Medical staff treat the wounded soldier, who was hit in the back by a fragment of artillery shell.
Since 2022, enemy forces has repeatedly targeted hospitals, clinics, maternity wards and ambulances. According to human rights groups, over two hundred medical personnel have been fatally attacked in nearly two thousand attacks. This subterranean hospital is built from multiple reinforced shelters, with timber beams, earth and sand laid on top reaching ground level. It can withstand direct hits from 152mm artillery shells and even multiple 8kg explosive devices released by aerial means.
A major industrial group, which funded the construction, intends to build 20 units in total. A senior official of Ukraine’s security agency and ex- military leader, Rustem Umerov, declared they would be “critically important for preserving the survival of our military and assisting defenders on the frontline.” The organization described the initiative as the “most ambitious and demanding” it had undertaken since Russia’s invasion.
An example of the facility's operating theatres.
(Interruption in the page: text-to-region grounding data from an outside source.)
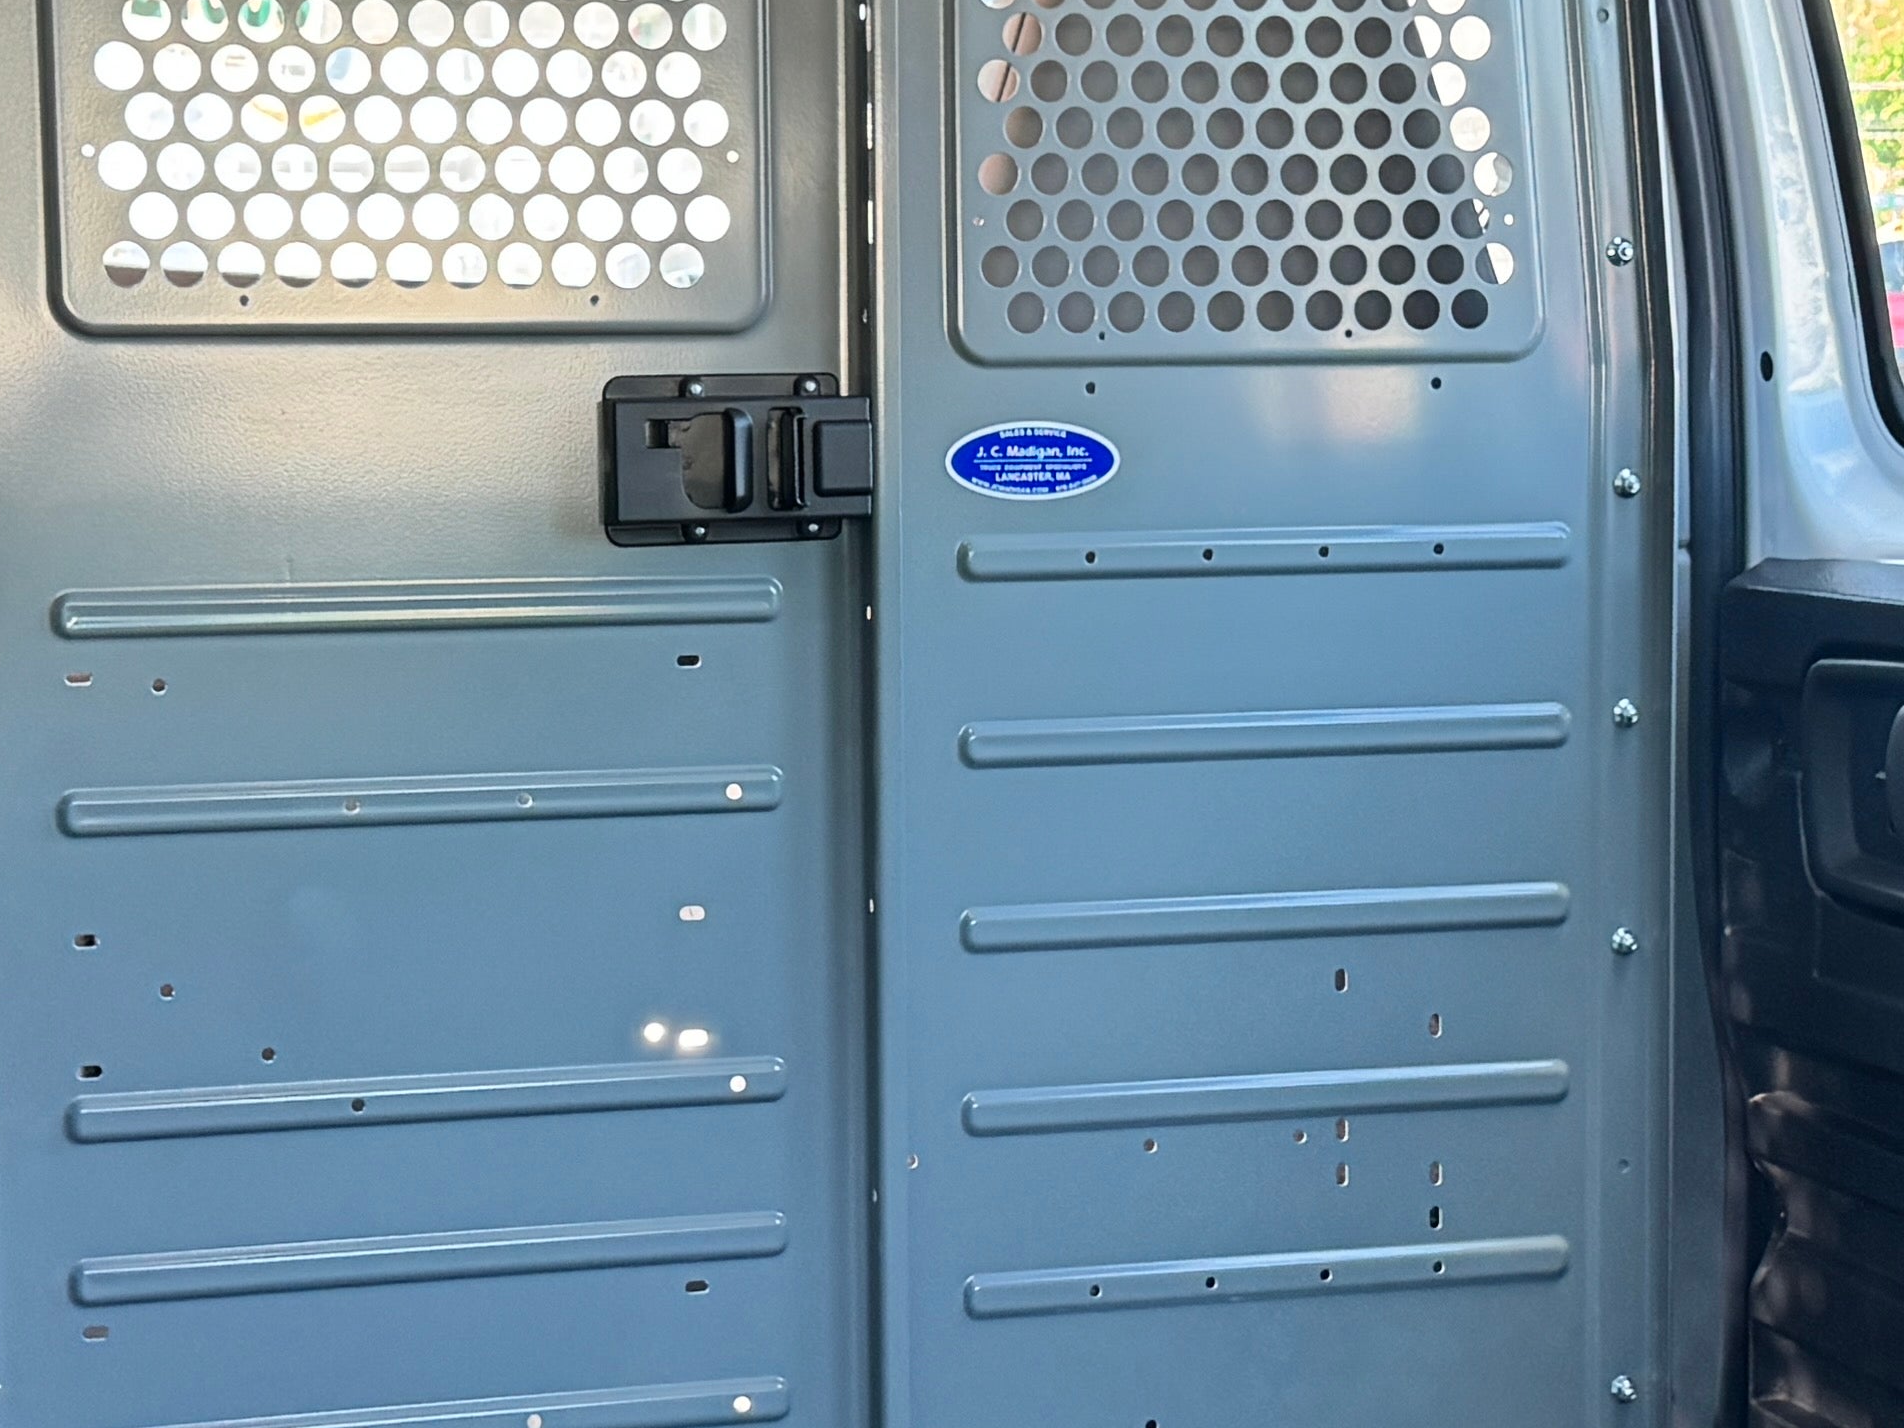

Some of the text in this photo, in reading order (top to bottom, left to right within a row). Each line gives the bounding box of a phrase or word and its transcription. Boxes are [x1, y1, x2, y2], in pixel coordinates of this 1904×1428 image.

[977, 445, 1089, 460] J. C. Madigan, Inc.
[995, 471, 1055, 482] LANCASTER,
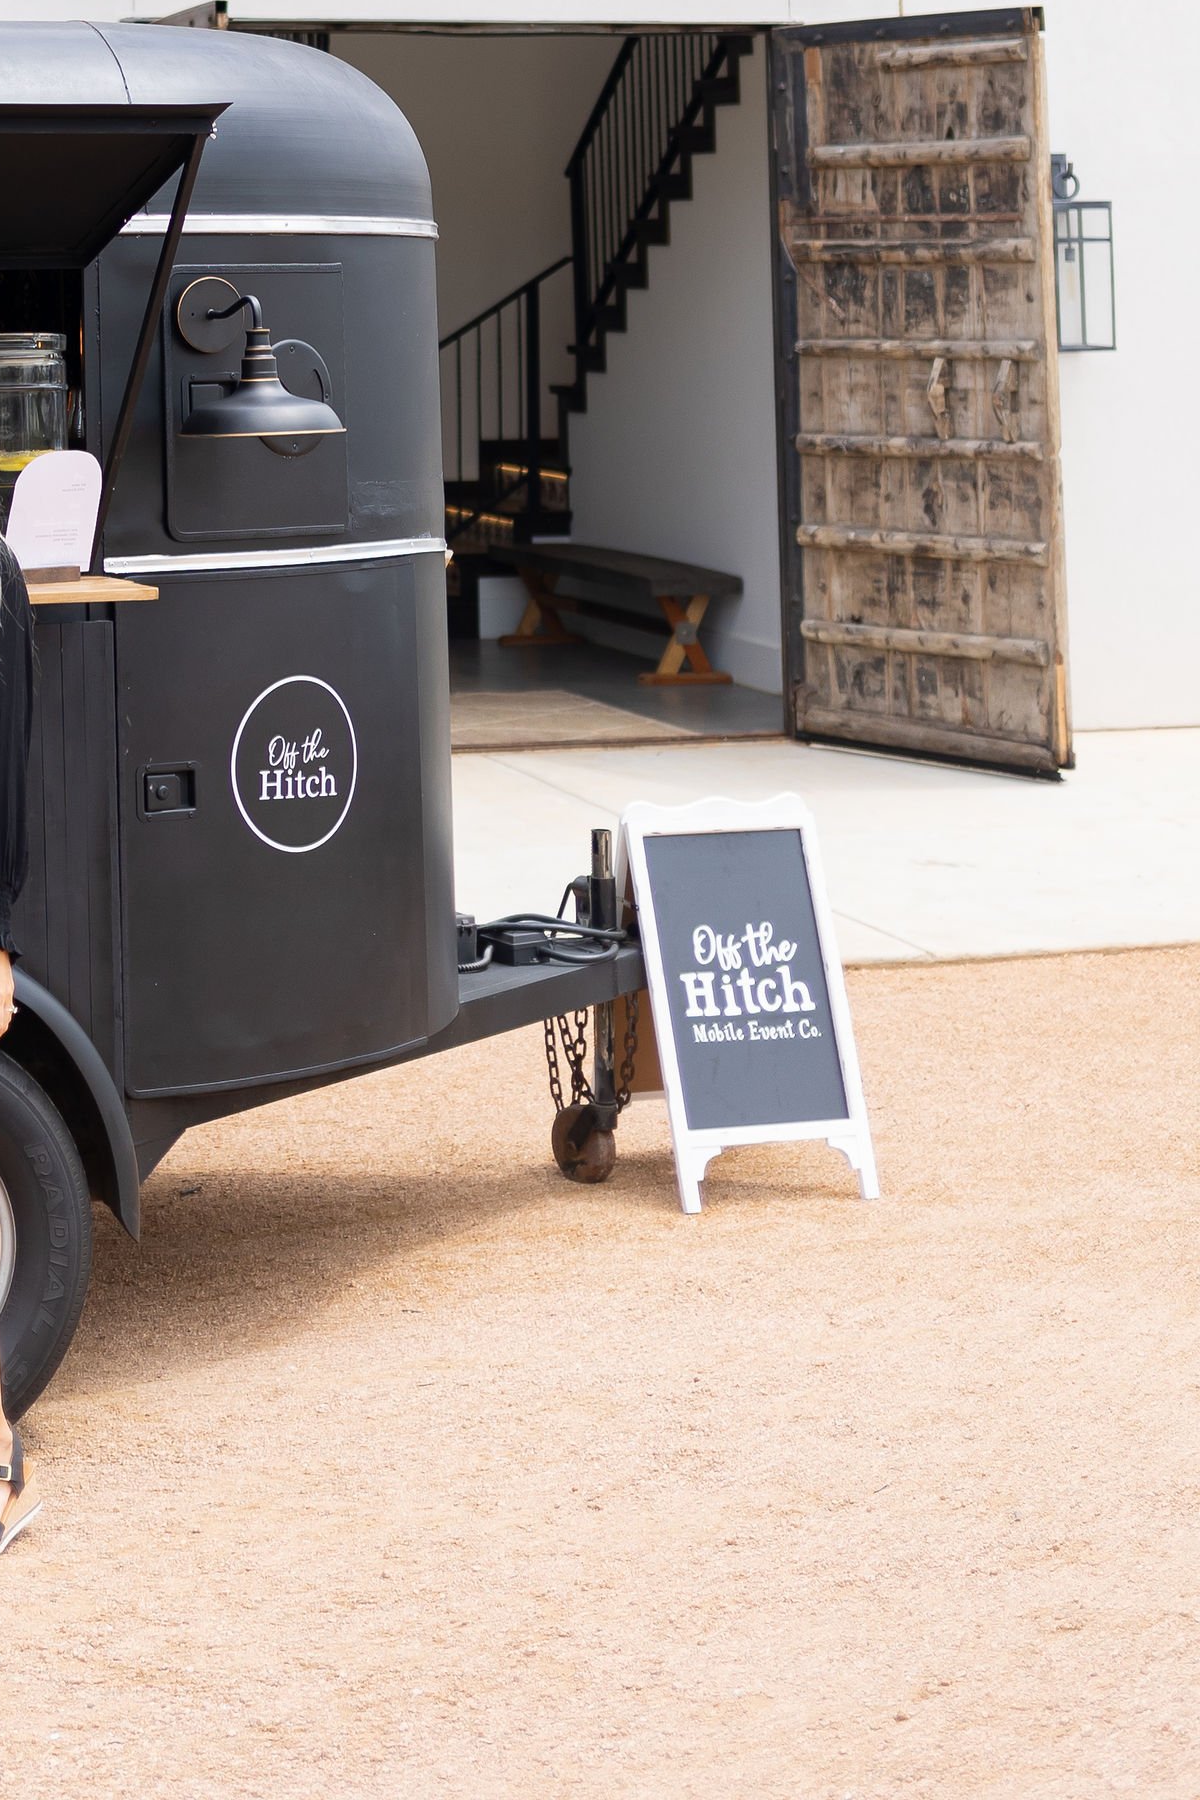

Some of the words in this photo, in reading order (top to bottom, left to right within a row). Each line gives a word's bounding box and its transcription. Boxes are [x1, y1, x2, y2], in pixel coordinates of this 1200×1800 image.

[268, 735, 299, 770] Off
[301, 728, 330, 764] the
[259, 766, 338, 801] Hitch
[692, 924, 743, 971] Off
[741, 921, 798, 968] the
[679, 964, 817, 1018] Hitch
[692, 1021, 745, 1043] Mobile
[748, 1018, 796, 1042] Event
[798, 1018, 823, 1039] Co.
[23, 1143, 70, 1337] RADIAL
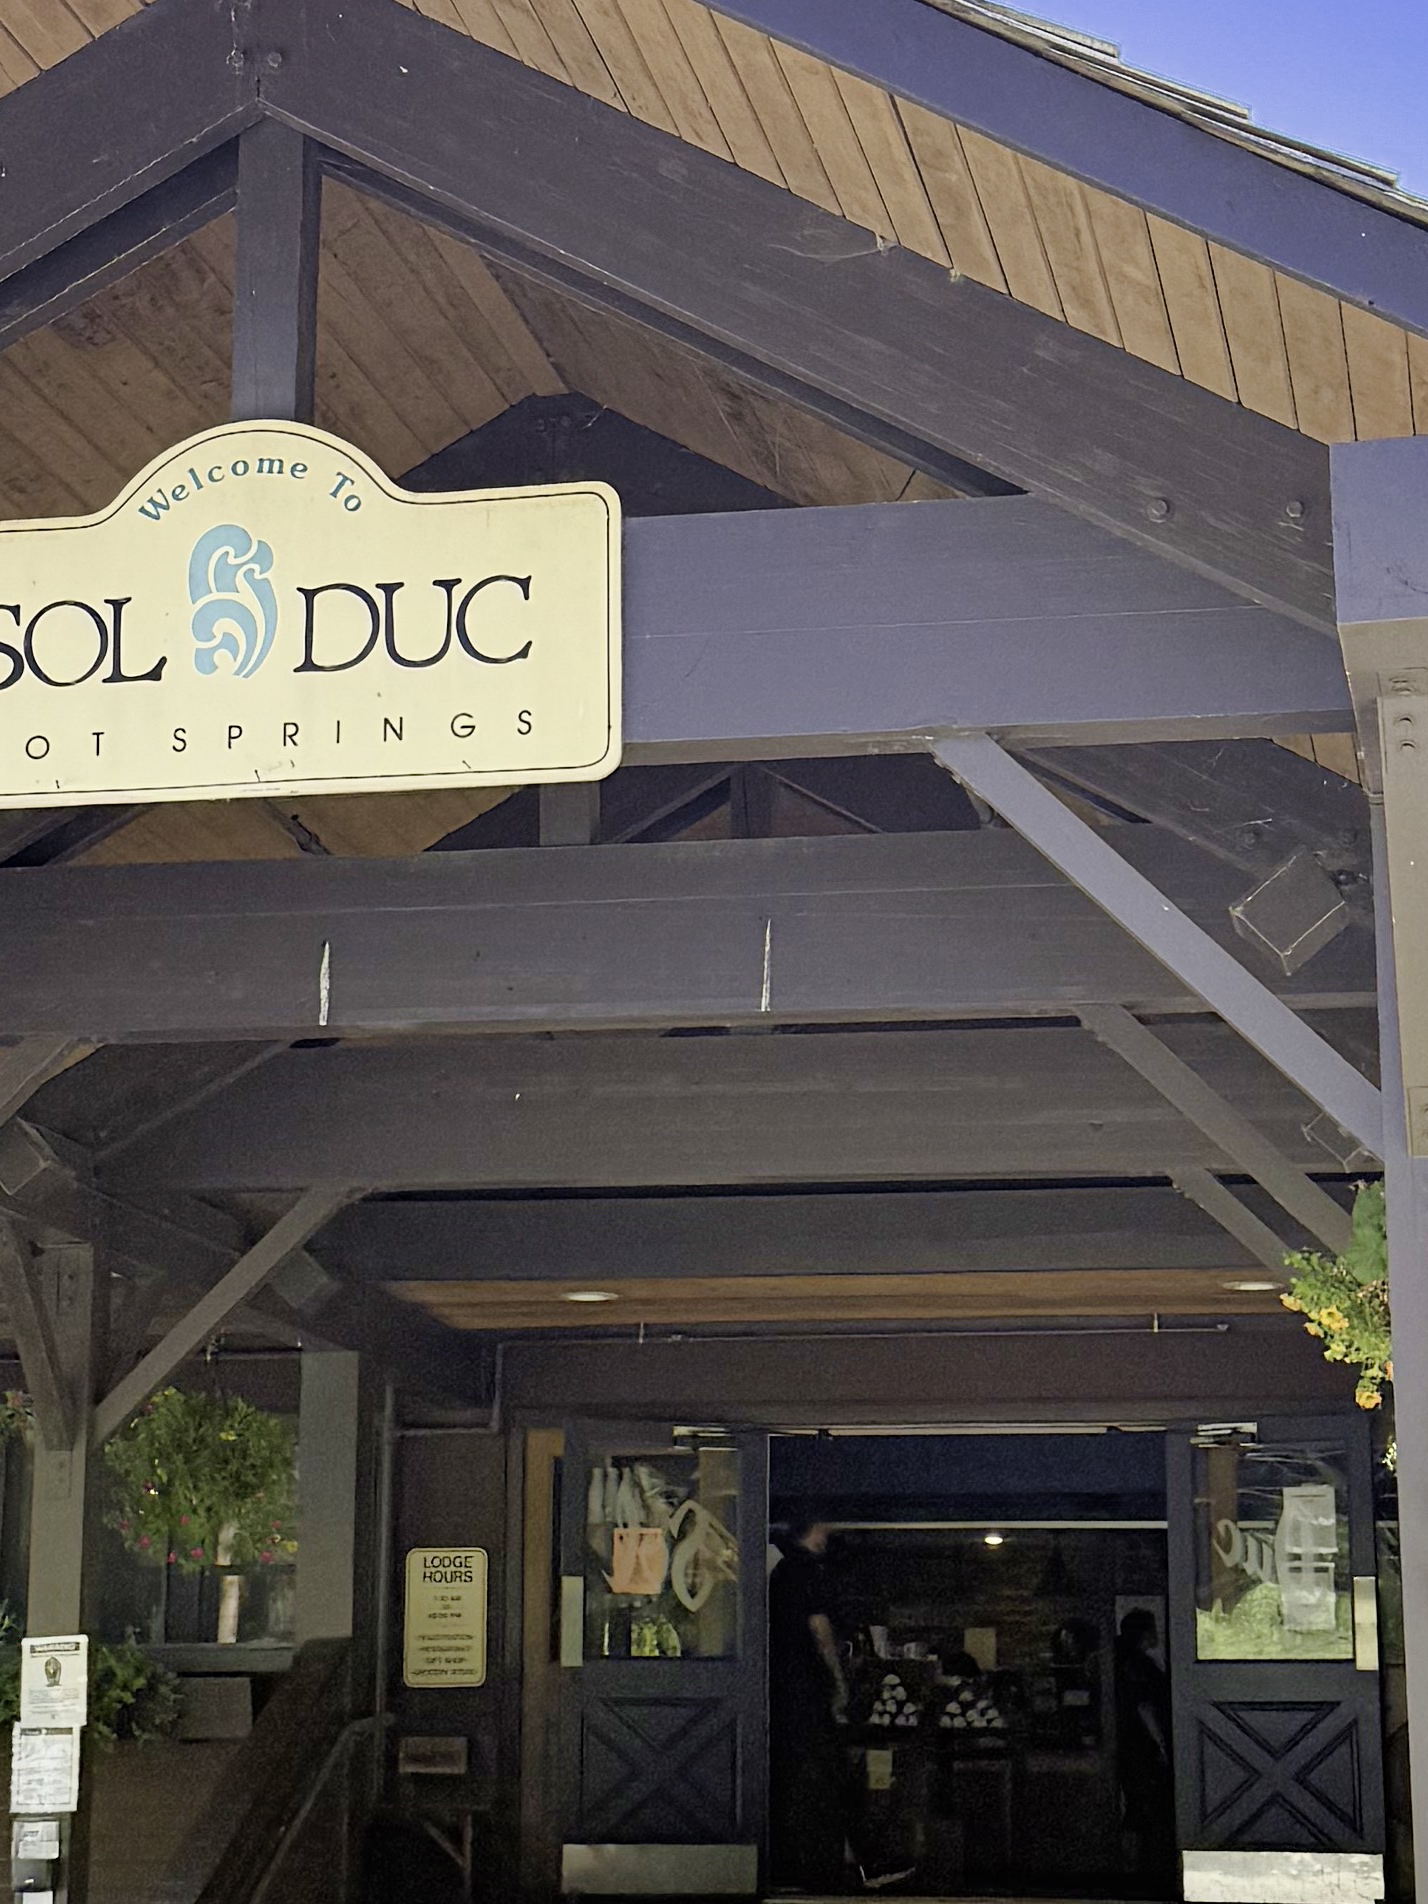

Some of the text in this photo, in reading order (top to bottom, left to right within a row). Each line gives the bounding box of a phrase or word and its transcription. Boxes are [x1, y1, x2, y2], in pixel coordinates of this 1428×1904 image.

[137, 453, 364, 524] Welcome To
[292, 574, 533, 674] DUC
[171, 708, 534, 755] SPRINGS
[421, 1570, 474, 1584] HOURS
[422, 1555, 475, 1569] LODGE
The surgeon, explained some injured personnel had to endure delays many hours or even days before they could be evacuated due to the threat of aerial attacks. “We had a pair of critically ill patients who arrived at 3am. It was necessary to carry out a double amputation on a patient. His tourniquet had been on for so long there was no alternative.” How did he cope with severe operations? “My career in healthcare for 20 years. One must focus,” he said.
Medical assistants transported Mykolaichuk through the tunnel and into an emergency vehicle. The transport was parked under a shrub. The patient and the other military members were taken to the urban center of a major city for additional medical care. The subterranean medical team paused for rest. The hospital’s orange feline, Vasilevs, walked up to the entrance to await the incoming patients. “Our facility operates open 24 hours a day,” Holovashchenko stated. “It doesn’t stop.”